20. Convergence of Positive Series

d.1. The Limit Comparison Test

Sometimes in applying the Simple Comparison Test to a series \(\displaystyle \sum_{n=n_o}^\infty a_n\) we may be able to identify a comparison series \(\displaystyle \sum_{n=n_o}^\infty b_n\) and show that the comparison series converges or diverges. However, we may not be able to show \(b_n \ge a_n\) or \(b_n \le a_n\) (respectively) or it may not even be true. In that case, we should try the Limit Comparison Test:

Suppose \(\displaystyle \sum_{n=n_o}^\infty a_n\) and \(\displaystyle \sum_{n=n_o}^\infty b_n\) are positive series and \(\displaystyle \lim_{n\to\infty}\dfrac{a_n}{b_n}=L\).

If \(0 \lt L \lt \infty\), then \(\displaystyle \sum_{n=n_o}^\infty a_n\) is convergent if and only if \(\displaystyle \sum_{n=n_o}^\infty b_n\) is convergent.

Here, “if and only if” means
if \(\displaystyle \sum_{n=n_o}^\infty b_n\) is convergent then \(\displaystyle \sum_{n=n_o}^\infty a_n\) is convergent,
and if \(\displaystyle \sum_{n=n_o}^\infty b_n\) is divergent then \(\displaystyle \sum_{n=n_o}^\infty a_n\) is divergent.

If \(L=0\) and \(\displaystyle \sum_{n=n_o}^\infty b_n\) is convergent, then \(\displaystyle \sum_{n=n_o}^\infty a_n\) is also convergent.
If \(L=\infty\) and \(\displaystyle \sum_{n=n_o}^\infty b_n\) is divergent, then \(\displaystyle \sum_{n=n_o}^\infty a_n\) is also divergent.

\(\Longleftarrow\) Read this!

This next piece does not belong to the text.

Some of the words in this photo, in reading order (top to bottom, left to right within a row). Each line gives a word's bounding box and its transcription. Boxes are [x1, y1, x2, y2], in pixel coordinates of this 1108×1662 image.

It's easy.
\(\Longleftarrow\) The proof requires the precise definition of the limit of a sequence.

Cases (2) and (3) are called the extreme cases, and arise very rarely.
If \(L=0\) and \(\displaystyle \sum_{n=n_o}^\infty b_n\) is divergent, or \(L=\infty\) and \(\displaystyle \sum_{n=n_o}^\infty b_n\) is convergent, the Limit Comparison Test FAILS.

The most common case is Case 1 where \(0 \lt L \lt \infty\). In that case, the limit \(\displaystyle \lim_{n\to\infty}\dfrac{a_n}{b_n}=L\) says, for large \(n\), that \(a_n\approx L\,b_n\). So for large \(N\), the tails of the series satisfy \(\displaystyle \sum_{n=N}^\infty a_n \approx L \sum_{n=N}^\infty b_n\). So \(\displaystyle \sum_{n=n_o}^\infty a_n\) is finite if and only if \(\displaystyle \sum_{n=n_o}^\infty b_n\) is finite.

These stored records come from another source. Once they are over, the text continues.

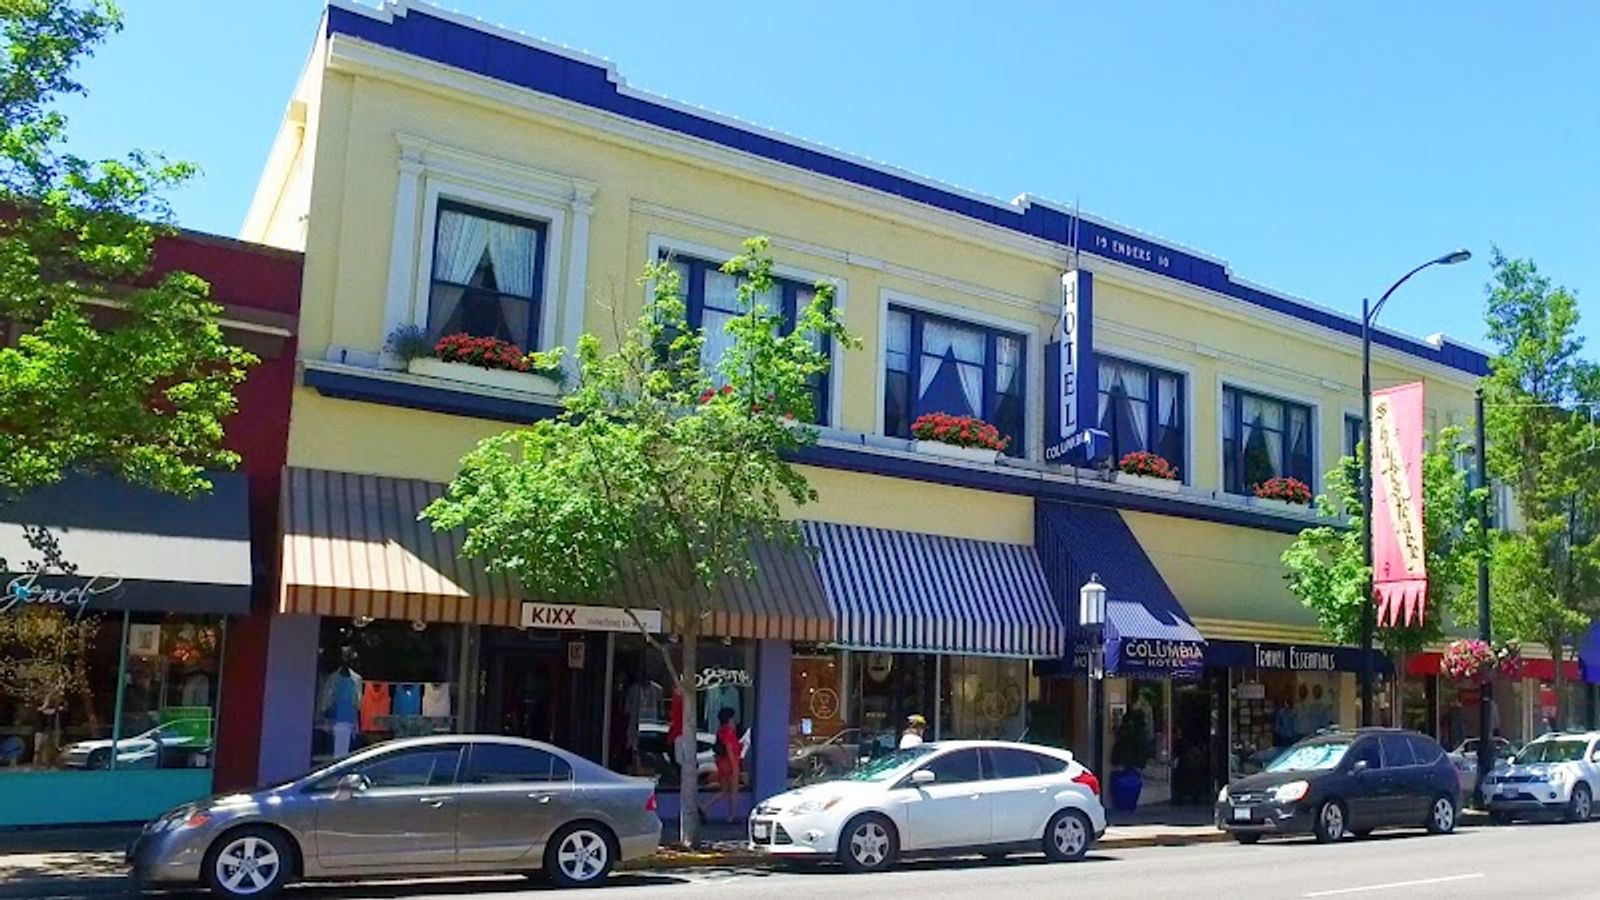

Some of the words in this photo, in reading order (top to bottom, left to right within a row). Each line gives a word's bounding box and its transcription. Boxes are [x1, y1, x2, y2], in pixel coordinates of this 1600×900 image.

[1096, 235, 1107, 248] 19
[1112, 240, 1151, 261] ENDERS
[1064, 279, 1076, 427] HOTEL
[531, 607, 576, 625] KIXX
[1126, 640, 1203, 658] COLUMBIA
[1148, 658, 1188, 667] HOTEL

In Case 2, the extreme case with \(L=0\), the limit \(\displaystyle \lim_{n\to\infty}\dfrac{a_n}{b_n}=0\) says, for large \(n\), that \(a_n\) is much smaller than \(b_n\). So if \(\displaystyle \sum_{n=n_o}^\infty b_n\) is finite, then \(\displaystyle \sum_{n=n_o}^\infty a_n\) is even more finite.

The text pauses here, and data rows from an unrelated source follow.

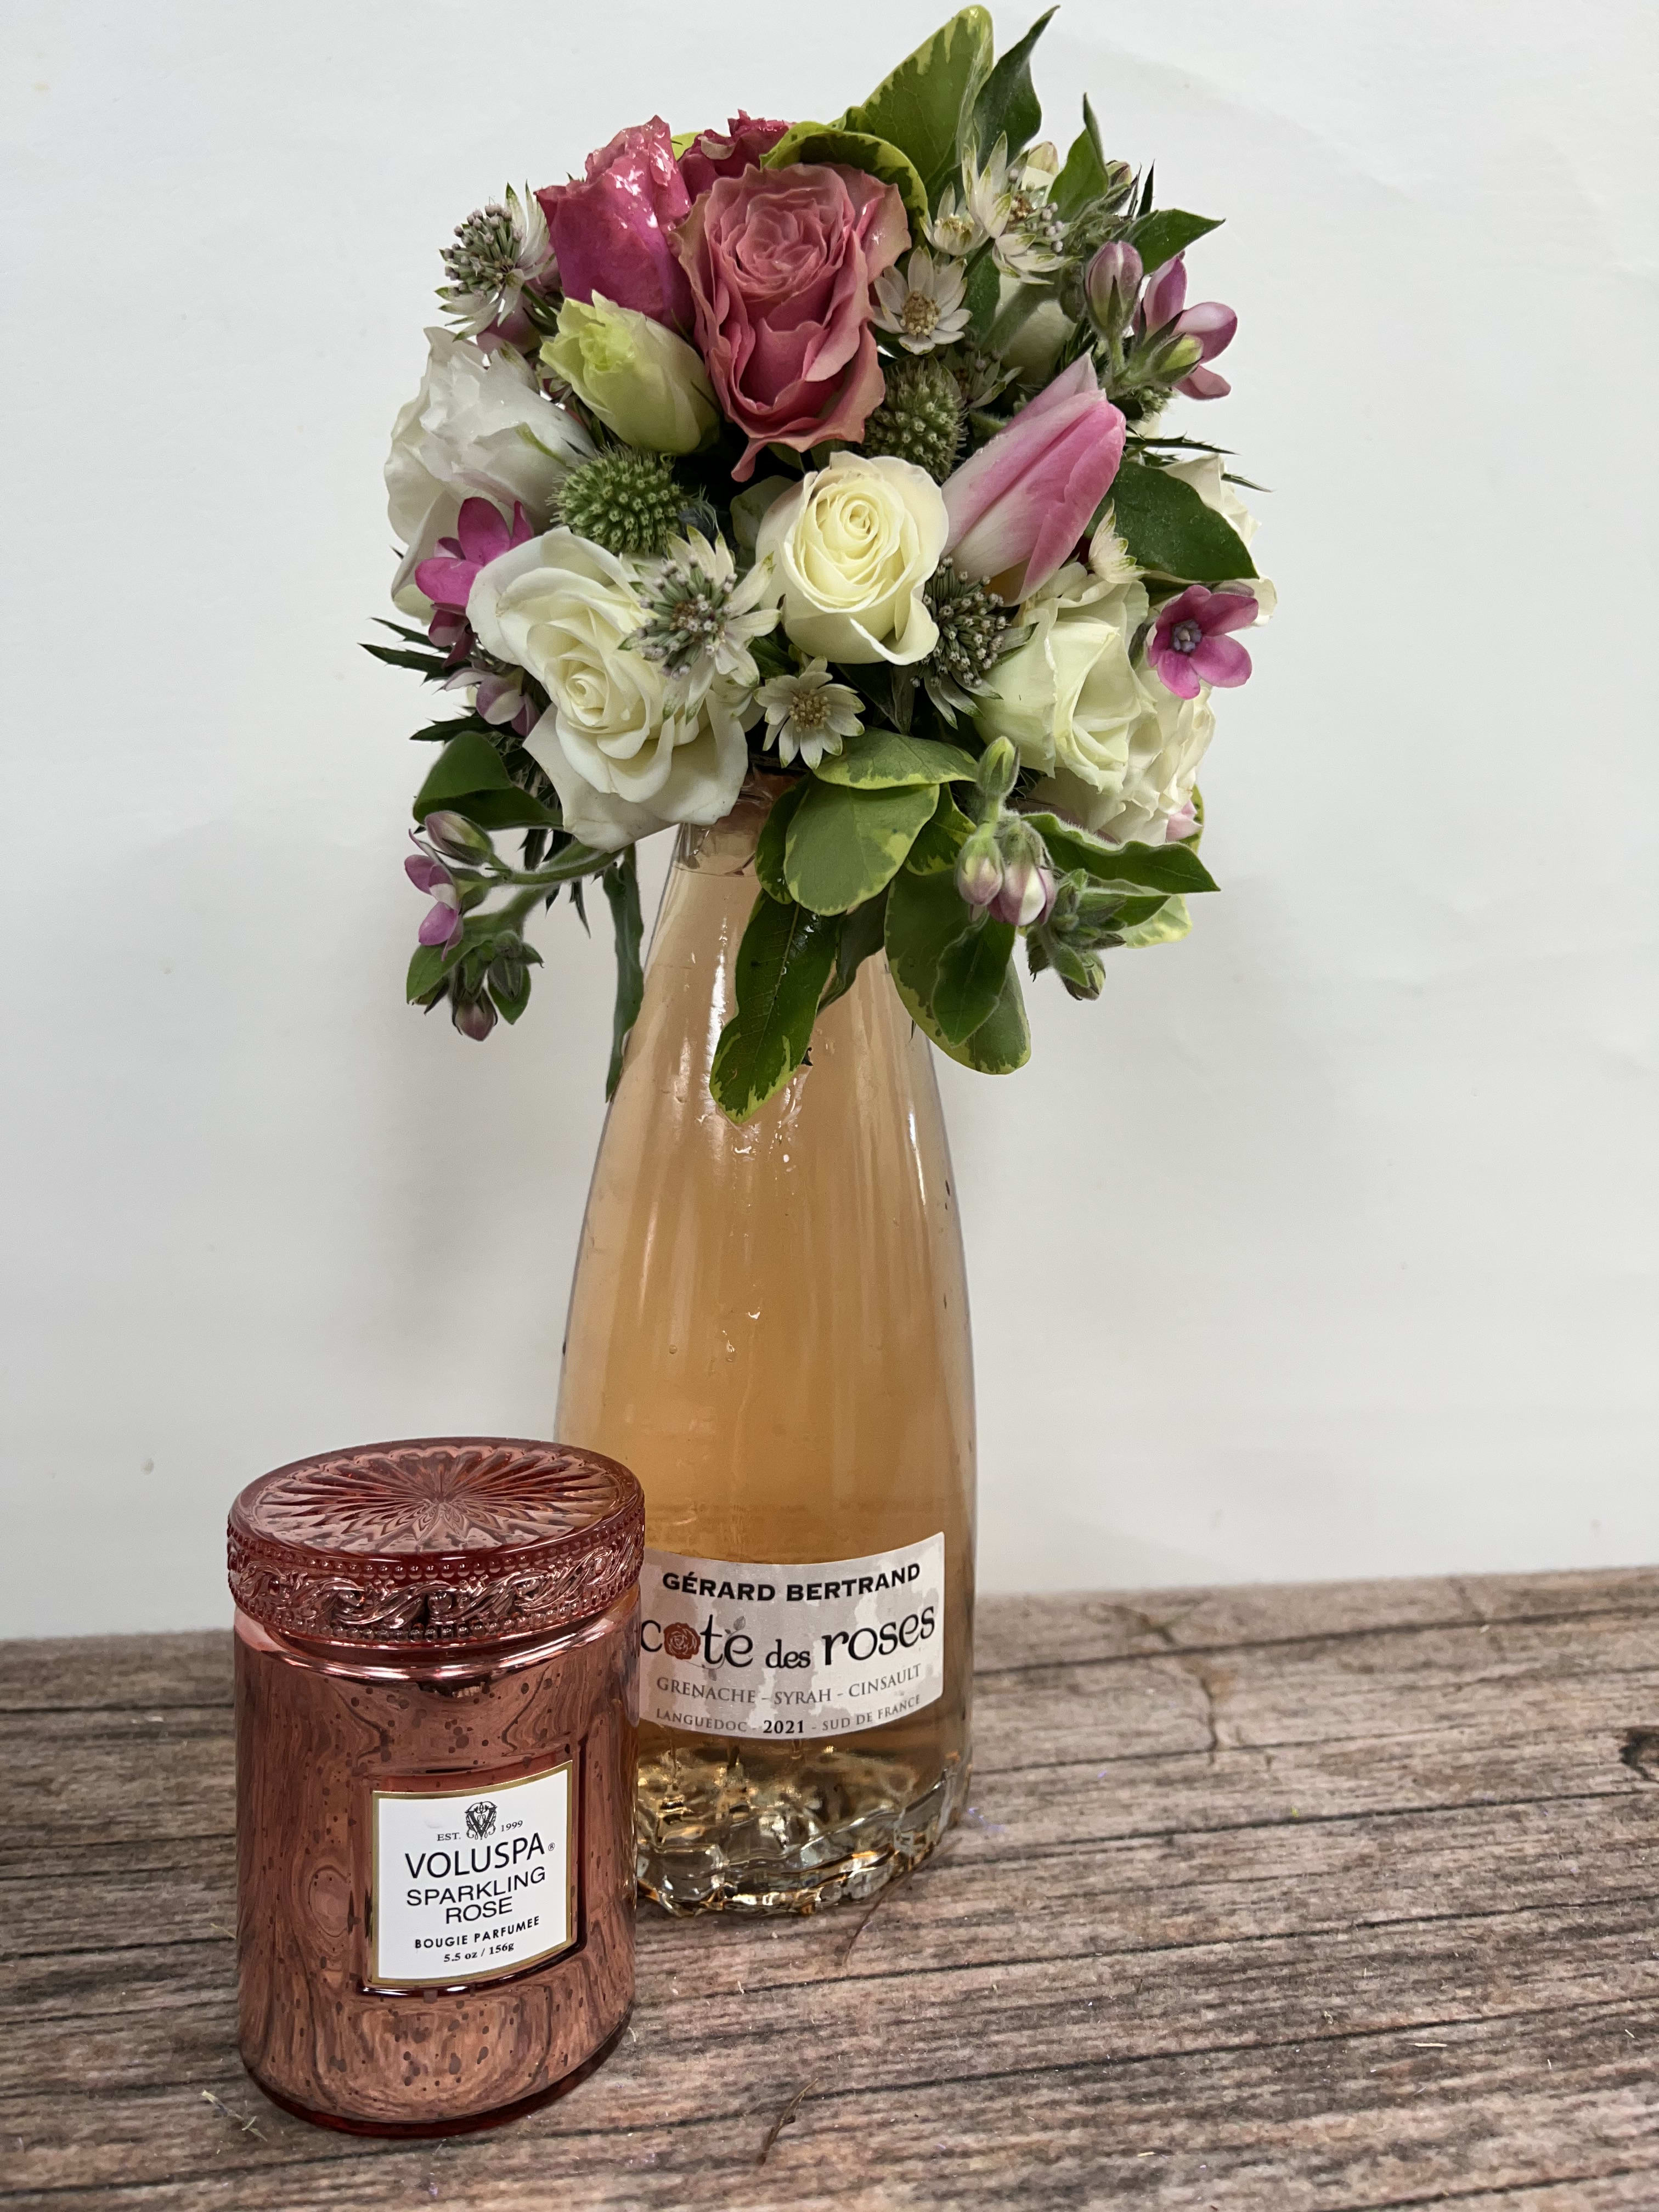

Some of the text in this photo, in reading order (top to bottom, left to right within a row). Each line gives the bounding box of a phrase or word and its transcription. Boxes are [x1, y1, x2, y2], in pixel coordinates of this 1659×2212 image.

[662, 1562, 921, 1602] GÉRARD BERTRAND
[765, 1639, 811, 1669] des
[823, 1605, 935, 1666] roses
[656, 1677, 756, 1703] GRENACHE
[774, 1688, 831, 1705] SYRAH
[849, 1663, 922, 1697] CINSAULT
[656, 1708, 747, 1732] LANGUEDOC
[763, 1720, 804, 1734] 2021
[822, 1717, 850, 1731] SUD
[856, 1711, 873, 1725] DE
[878, 1694, 920, 1719] FRANCE
[437, 1820, 523, 1841] EST. 1999
[407, 1866, 546, 1906] SPARKLING
[446, 1896, 513, 1924] ROSE
[415, 1916, 539, 1949] BOUGIE PARFUMEE
[443, 1953, 461, 1962] 5.5
[465, 1951, 478, 1960] oz
[489, 1942, 515, 1956] 156g

In Case 3, the extreme case with \(L=\infty\), the limit \(\displaystyle \lim_{n\to\infty}\dfrac{a_n}{b_n}=\infty\) says, for large \(n\), that \(a_n\) is much larger than \(b_n\). So if \(\displaystyle \sum_{n=n_o}^\infty b_n\) is infinite, then \(\displaystyle \sum_{n=n_o}^\infty a_n\) is even more infinite.

Determine if \(\displaystyle \sum_{n=1}^\infty \dfrac{n^2-n-1}{n^{5/2}}\) is convergent or divergent.

This is similar to the exercise on the previous page except for the signs in the numerator. We have \(a_n=\dfrac{n^2-n-1}{n^{5/2}}\). For large \(n\), the term \(n^2\) is larger than both \(n\) and \(1\). So we take \(b_n=\dfrac{n^2}{n^{5/2}}=\dfrac{1}{n^{1/2}}\). Now \(\displaystyle \sum_{n=1}^\infty b_n=\sum_{n=1}^\infty \dfrac{1}{n^{1/2}}\) diverges because it is a \(p\)-series with \(p=\dfrac{1}{2} \lt 1\). Finally, we need to compare \(a_n\) and \(b_n\). Since, \(n^2-n-1 \lt n^2\), we have \(a_n=\dfrac{n^2-n-1}{n^{5/2}} \lt \dfrac{n^2}{n^{5/2}}=b_n\). Unfortunately, this inequality is in the wrong direction to be able to conclude \(\displaystyle \sum_{n=1}^\infty a_n\) is divergent using the Simple Comparison Test. So we try the Limit Comparison Test by computing: (Notice how we divide by \(b_n\) by multiplying by its reciprocal.) \[\begin{aligned} L&=\lim_{n\to\infty}\dfrac{a_n}{b_n} =\lim_{n\to\infty}\dfrac{n^2-n-1}{n^{5/2}}\cdot\dfrac{n^{1/2}}{1} \\ &=\lim_{n\to\infty}\dfrac{n^2-n-1}{n^2} =\lim_{n\to\infty}\left(1-\dfrac{1}{n}-\dfrac{1}{n^2}\right)=1 \end{aligned}\] Since \(0 \lt L \lt \infty\) and \(\displaystyle \sum_{n=1}^\infty b_n\) diverges, we conclude \(\displaystyle \sum_{n=1}^\infty a_n\) also diverges.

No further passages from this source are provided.